Path	Component	Auth	Description
/login	Login	Public	Login page
/register	Register	Public	Registration page
/auth/verify	AuthVerify	Public	Magic link verification
/	Home	Protected	Dashboard / synthesis list
/settings	Settings	Protected	User settings
/themes	ThemeManager	Protected	Theme CRUD + source management
/generate	GenerateSynthesis	Protected	Generation trigger + progress
/synthesis/:id	SynthesisDetail	Protected	Full synthesis view
/article-history	ArticleHistory	Protected	Article history browser
/llm-logs/:jobId	LlmLogs	Protected	LLM call log viewer
/admin/providers	AdminProviders	Admin	Provider configuration
/admin/rate-limits	AdminRateLimits	Admin	Rate limit configuration
/admin/users	AdminUsers	Admin	User management

3. Database Schema

3.1 `users`

Column	Type	Constraints
id	UUID	PK, DEFAULT gen_random_uuid()
email	TEXT	NOT NULL, UNIQUE
display_name	TEXT	nullable
role	TEXT	NOT NULL, DEFAULT 'user', CHECK (user/admin)
created_at	TIMESTAMPTZ	NOT NULL, DEFAULT now()
updated_at	TIMESTAMPTZ	NOT NULL, DEFAULT now()

Indexes: idx_users_email on (email).

3.2 `sessions`

Column	Type	Constraints
session_hash	TEXT	PK (SHA-256 of raw token)
user_id	UUID	NOT NULL, FK users(id) CASCADE
created_at	TIMESTAMPTZ	NOT NULL, DEFAULT now()
expires_at	TIMESTAMPTZ	NOT NULL
last_active_at	TIMESTAMPTZ	NOT NULL, DEFAULT now()
ip_address	TEXT	nullable
user_agent	TEXT	nullable

Indexes: idx_sessions_user_id, idx_sessions_expires_at.

3.3 `magic_tokens`

Column	Type	Constraints
id	UUID	PK, DEFAULT gen_random_uuid()
email	TEXT	NOT NULL
token_hash	TEXT	NOT NULL, UNIQUE
created_at	TIMESTAMPTZ	NOT NULL, DEFAULT now()
expires_at	TIMESTAMPTZ	NOT NULL
used	BOOLEAN	NOT NULL, DEFAULT false

Indexes: idx_magic_tokens_email, idx_magic_tokens_expires.

3.4 `settings`

Per-user pipeline configuration.

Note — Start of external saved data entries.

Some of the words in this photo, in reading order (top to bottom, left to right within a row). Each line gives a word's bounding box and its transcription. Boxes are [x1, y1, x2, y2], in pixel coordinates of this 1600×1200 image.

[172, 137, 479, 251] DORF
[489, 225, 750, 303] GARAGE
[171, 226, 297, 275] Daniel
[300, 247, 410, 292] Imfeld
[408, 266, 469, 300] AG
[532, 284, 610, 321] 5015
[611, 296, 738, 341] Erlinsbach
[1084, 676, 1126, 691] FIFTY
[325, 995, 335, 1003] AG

One row per user (user_id is the PK).

Column	Type	Constraints
user_id	UUID	PK, FK users(id) CASCADE
max_articles_per_source	INTEGER	NOT NULL, DEFAULT 3
max_links_per_source	INTEGER	NOT NULL, DEFAULT 8
use_brave_search	BOOLEAN	NOT NULL, DEFAULT false
article_history_days	INTEGER	NOT NULL, DEFAULT 90
batch_size	INTEGER	NOT NULL, DEFAULT 5
source_extraction_window	INTEGER	NOT NULL, DEFAULT 3
search_agent_behavior	TEXT	NOT NULL, DEFAULT ''
ai_provider	TEXT	NOT NULL, DEFAULT ''
ai_model	TEXT	NOT NULL, DEFAULT ''
ai_model_websearch	TEXT	NOT NULL, DEFAULT ''
rate_limit_max_requests	INTEGER	nullable
rate_limit_time_window_seconds	INTEGER	nullable
updated_at	TIMESTAMPTZ	NOT NULL, DEFAULT now()

3.5 `themes`

Per-user topic configurations with content settings.

Column	Type	Constraints
id	UUID	PK, DEFAULT gen_random_uuid()
user_id	UUID	NOT NULL, FK users(id) CASCADE
name	TEXT	NOT NULL
theme	TEXT	NOT NULL (search topic)
categories	JSONB	NOT NULL, DEFAULT '[]'
max_items_per_category	INTEGER	NOT NULL, DEFAULT 4
max_age_days	INTEGER	NOT NULL, DEFAULT 7
summary_length	INTEGER	NOT NULL, DEFAULT 3
created_at	TIMESTAMPTZ	NOT NULL, DEFAULT now()
updated_at	TIMESTAMPTZ	NOT NULL, DEFAULT now()

Indexes: idx_themes_user_id.

categories stores user-defined categories only. Runtime/category assignment always includes Divers and Sans date.

3.6 `sources`

User-curated news source URLs, always tied to a theme.

Column	Type	Constraints
id	UUID	PK, DEFAULT gen_random_uuid()
user_id	UUID	NOT NULL, FK users(id) CASCADE
title	VARCHAR(200)	NOT NULL, CHECK length 1-200
url	VARCHAR(1000)	NOT NULL, CHECK length <= 1000
theme_id	UUID	NOT NULL, FK themes(id) CASCADE
is_preferred	BOOLEAN	NOT NULL, DEFAULT false
created_at	TIMESTAMPTZ	NOT NULL, DEFAULT now()

Indexes: idx_sources_user_id, UNIQUE idx_sources_user_id_url on (user_id, url).

3.7 `syntheses`

Generated synthesis results with JSONB section data.

Column	Type	Constraints
id	UUID	PK, DEFAULT gen_random_uuid()
user_id	UUID	NOT NULL, FK users(id) CASCADE
week	VARCHAR(10)	NOT NULL (ISO week string)
sections	JSONB	NOT NULL, DEFAULT '[]'
status	VARCHAR(20)	NOT NULL, DEFAULT 'completed'
job_id	UUID	nullable
theme_id	UUID	nullable, FK themes(id) SET NULL
created_at	TIMESTAMPTZ	NOT NULL, DEFAULT now()

Indexes: idx_syntheses_user_id_created_at on (user_id, created_at DESC).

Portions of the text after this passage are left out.